» WHAT TO WORK ON:
Return the whole listing exactly, omitting the pictures.
[Start of Attachment]
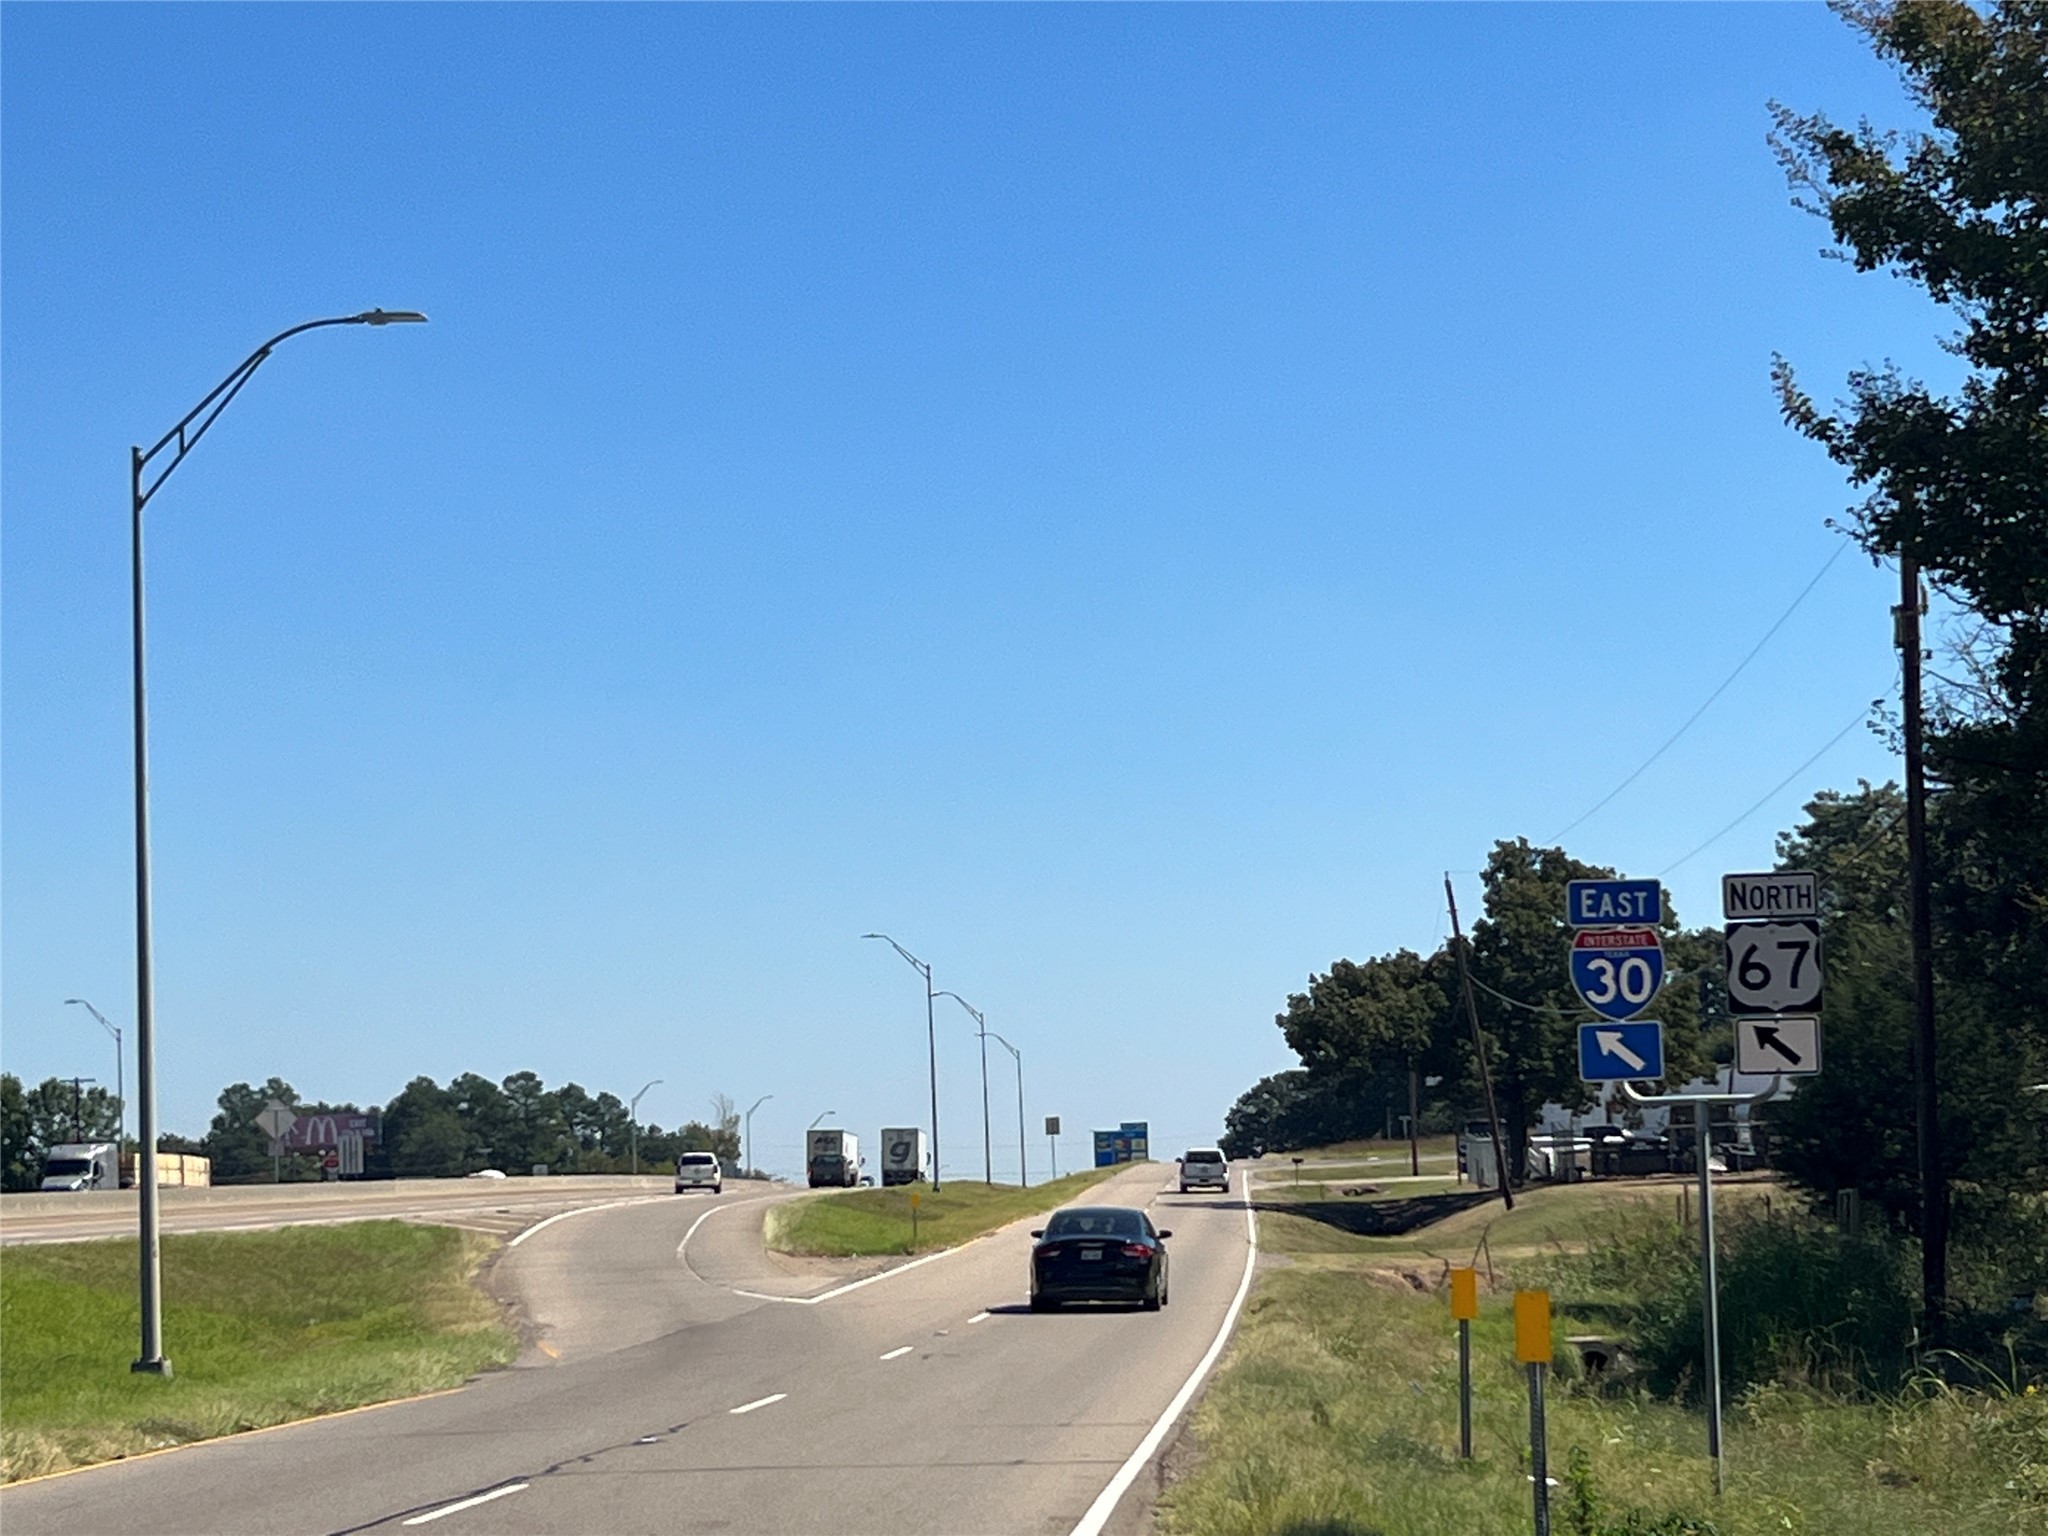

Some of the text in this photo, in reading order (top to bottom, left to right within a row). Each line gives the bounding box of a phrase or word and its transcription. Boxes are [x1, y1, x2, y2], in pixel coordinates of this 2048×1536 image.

[1581, 889, 1648, 918] EAST
[1731, 882, 1812, 911] NORTH
[1583, 934, 1648, 947] INTERSTATE
[1585, 957, 1653, 1004] 30
[1738, 941, 1810, 991] 67
[End of Attachment]
» ANSWER TO THIS EXERCISE:
Some of the text in this photo, in reading order (top to bottom, left to right within a row). Each line gives the bounding box of a phrase or word and its transcription. Boxes are [x1, y1, x2, y2], in pixel coordinates of this 2048×1536 image.

[1581, 889, 1648, 918] EAST
[1731, 882, 1812, 911] NORTH
[1583, 934, 1648, 947] INTERSTATE
[1585, 957, 1653, 1004] 30
[1738, 941, 1810, 991] 67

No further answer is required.